Extreme food shortages in parts of the Gaza Strip have already exceeded famine levels, and mass death is now imminent without an immediate ceasefire and surge of food to areas cut off by fighting, the global hunger monitor said on Monday.

The Integrated Food-Security Phase Classification (IPC), whose assessments are relied on by U.N. agencies, said 70% of people in parts of northern Gaza were suffering the most severe level of food shortage, far exceeding the 20% famine threshold.

The IPC said it did not have enough data on death rates, but estimated residents would be dying at famine scale imminently, and children under four may already be.

"The actions needed to prevent famine require an immediate political decision for a ceasefire together with a significant and immediate increase in humanitarian and commercial access to the entire population of Gaza," it said.

In all, 1.1 million Gazans, around half the population, were experiencing "catastrophic" shortages of food, the worst category, with around 300,000 in the areas now facing the prospect of famine-scale death rates.

The prospect of a manmade famine in Gaza has brought the strongest criticism of Israel from Western allies since it launched its war against Hamas militants following their deadly attack on Israeli territory on Oct. 7.

"In Gaza we are no longer on the brink of famine, we are in a state of famine, affecting thousands of people," EU foreign policy chief Josep Borrell said at the opening of a conference on humanitarian aid for Gaza in Brussels.

"Starvation is used as a weapon of war.
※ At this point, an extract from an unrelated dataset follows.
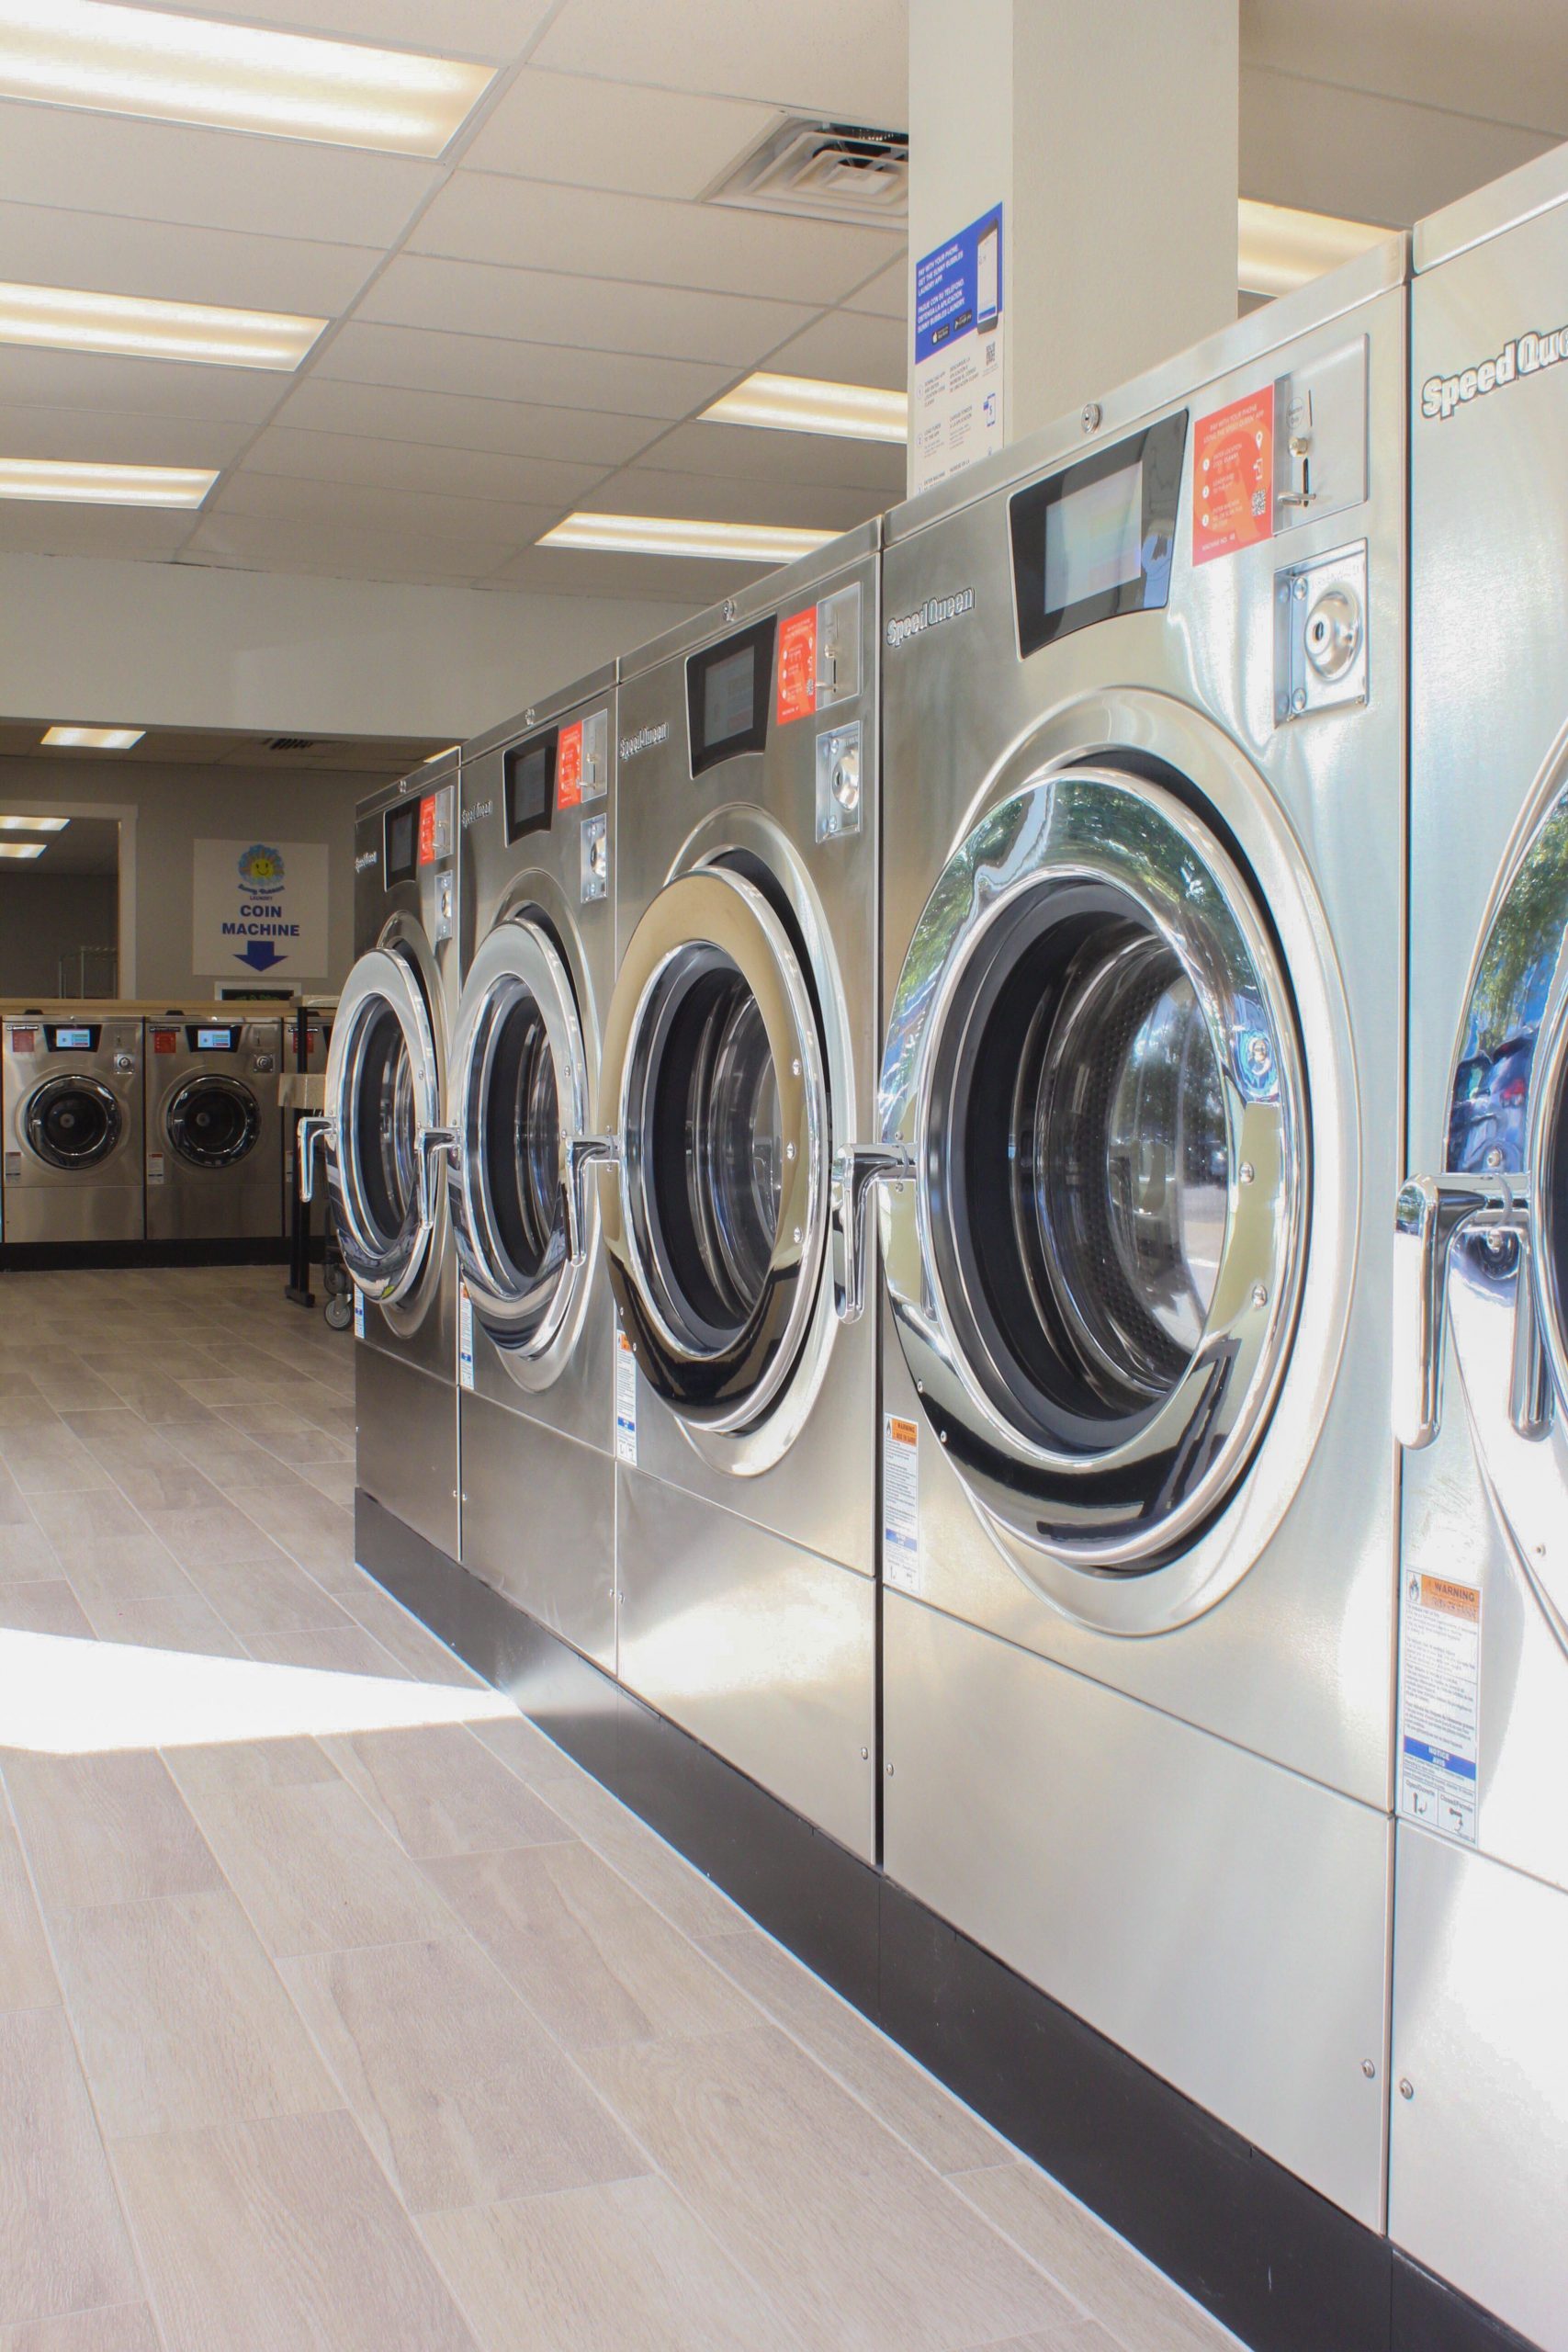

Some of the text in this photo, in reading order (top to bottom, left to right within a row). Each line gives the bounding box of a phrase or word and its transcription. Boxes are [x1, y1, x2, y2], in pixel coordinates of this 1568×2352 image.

Israel is provoking famine."
Israeli Foreign Minister Israel Katz responded that Borrell should "stop attacking Israel and recognise our right to self-defence against Hamas' crimes".

Israel allowed "extensive humanitarian aid into Gaza by land, air, and sea for anyone willing to help", Katz said on X, and aid was "violently disturbed" by Hamas militants with "collaboration" by the U.N.'s aid agency UNRWA.